WHAT YOU NEED TO DO: Where an entry contains an image, leave the image out; restate everything else exactly.

DATA UNDER STUDY:
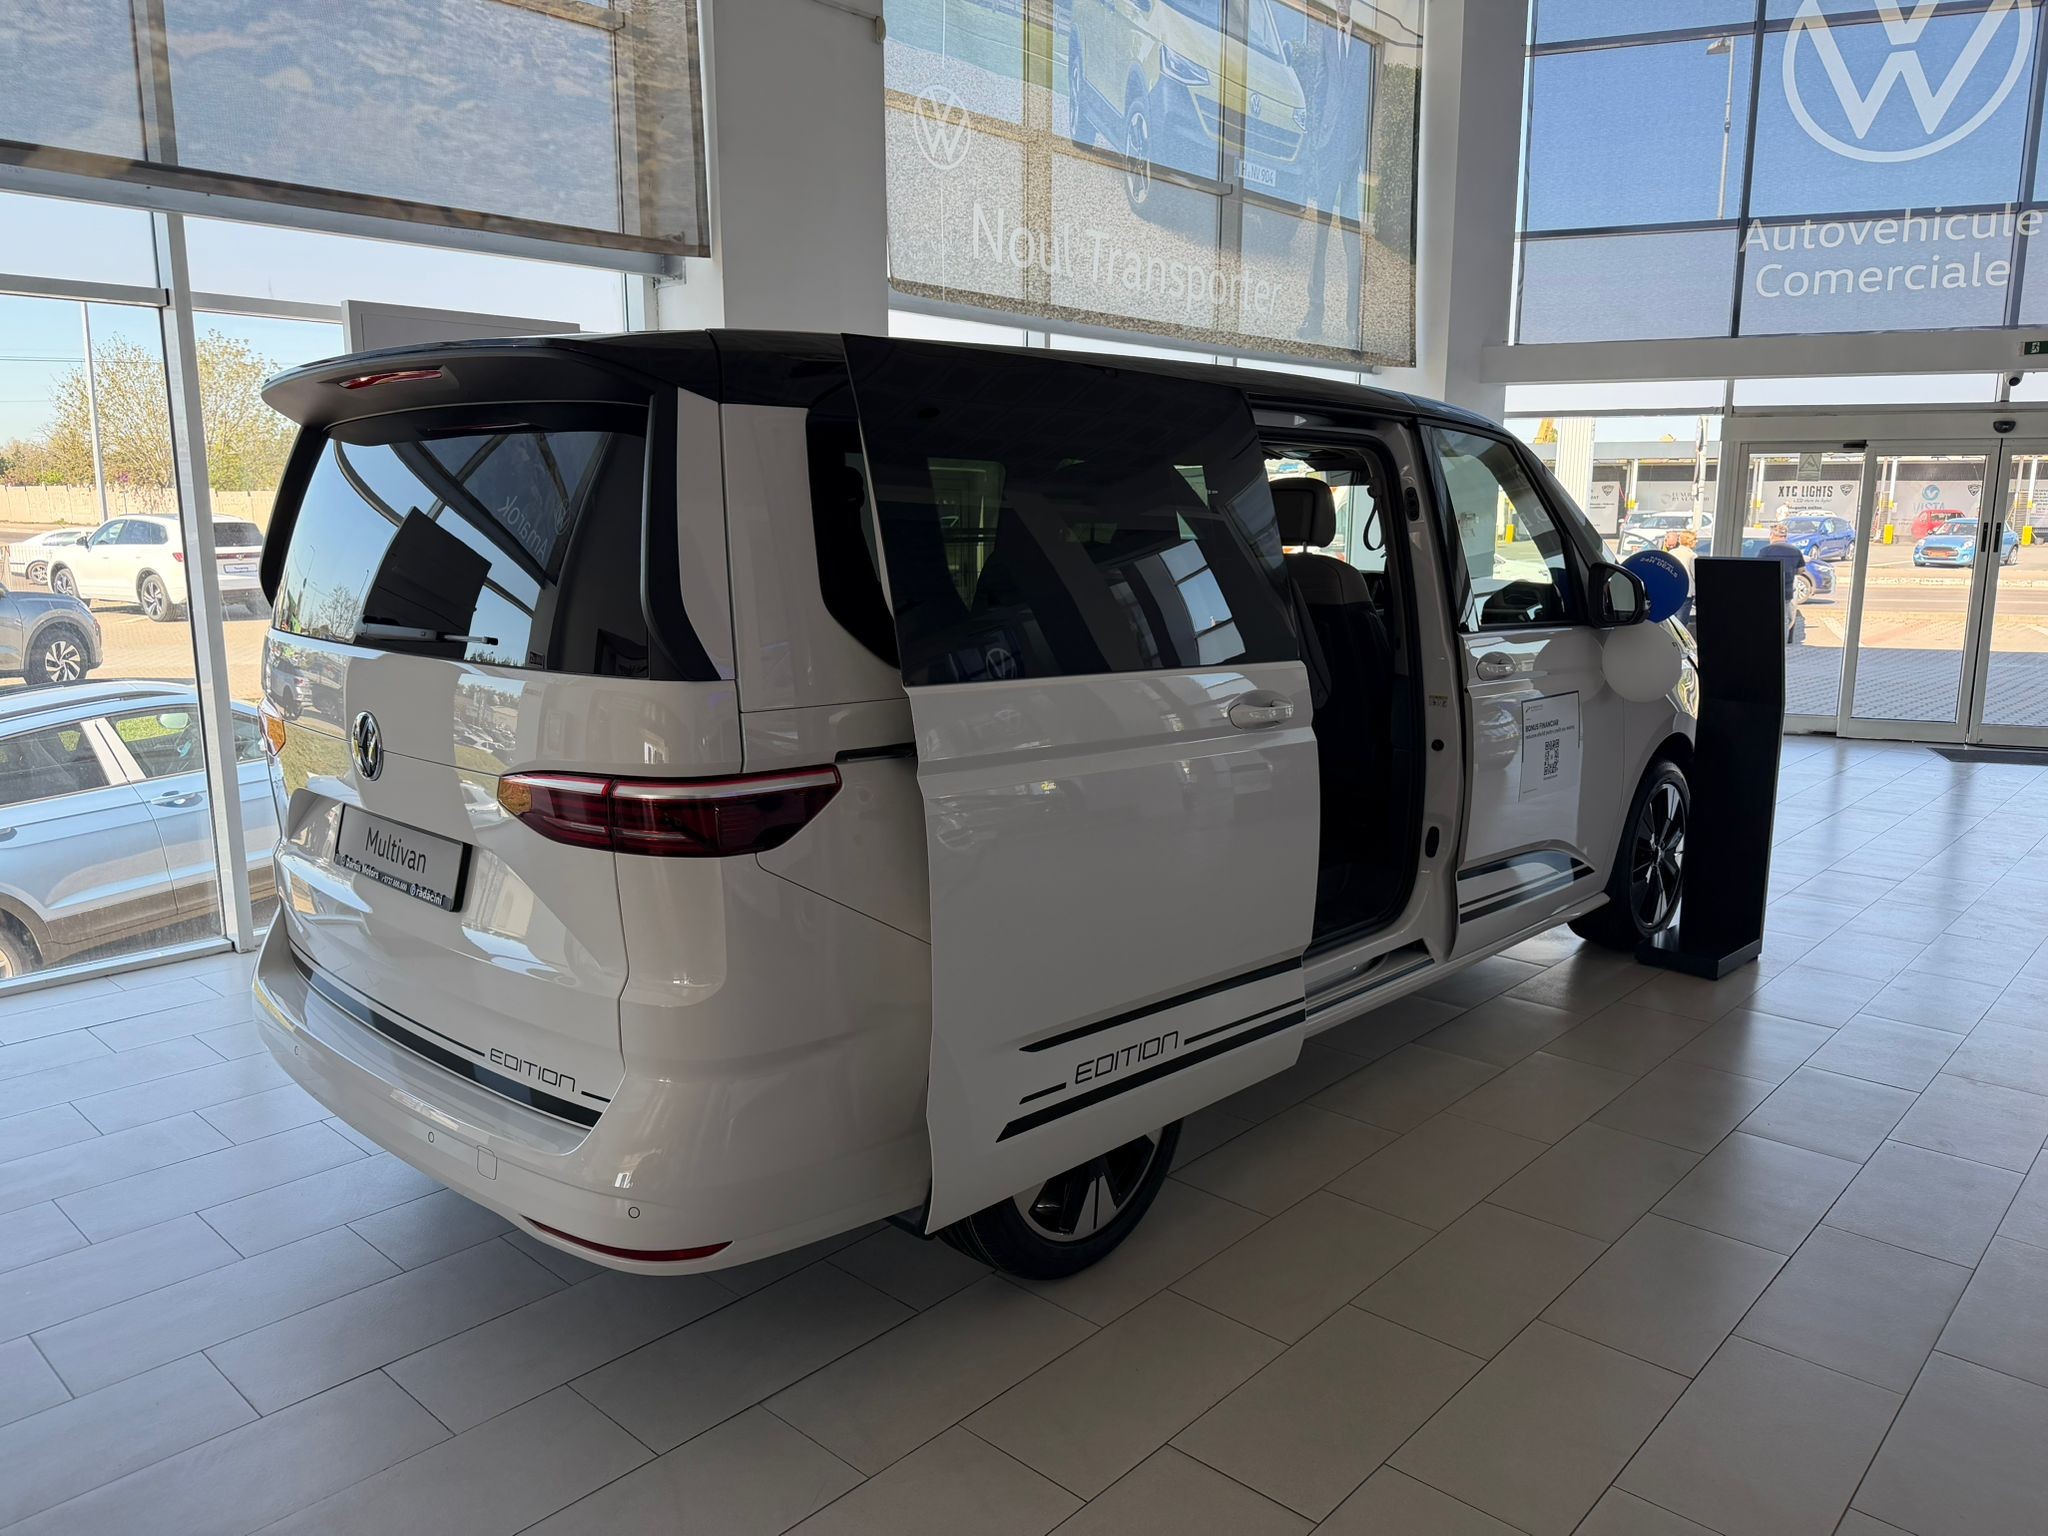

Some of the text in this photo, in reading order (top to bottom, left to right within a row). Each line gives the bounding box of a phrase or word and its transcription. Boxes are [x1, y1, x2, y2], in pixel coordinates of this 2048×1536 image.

[1739, 201, 2044, 253] Autovehicule
[972, 202, 1283, 316] Noul Transporter
[1756, 251, 2011, 298] Comerciale
[1778, 485, 1834, 498] XTC LIGHTS
[365, 827, 427, 874] Multivan
[489, 1048, 576, 1093] EDITION
[1075, 1031, 1179, 1084] EDITION

ANSWER TO THE PROBLEM:
Some of the text in this photo, in reading order (top to bottom, left to right within a row). Each line gives the bounding box of a phrase or word and its transcription. Boxes are [x1, y1, x2, y2], in pixel coordinates of this 2048×1536 image.

[1739, 201, 2044, 253] Autovehicule
[972, 202, 1283, 316] Noul Transporter
[1756, 251, 2011, 298] Comerciale
[1778, 485, 1834, 498] XTC LIGHTS
[365, 827, 427, 874] Multivan
[489, 1048, 576, 1093] EDITION
[1075, 1031, 1179, 1084] EDITION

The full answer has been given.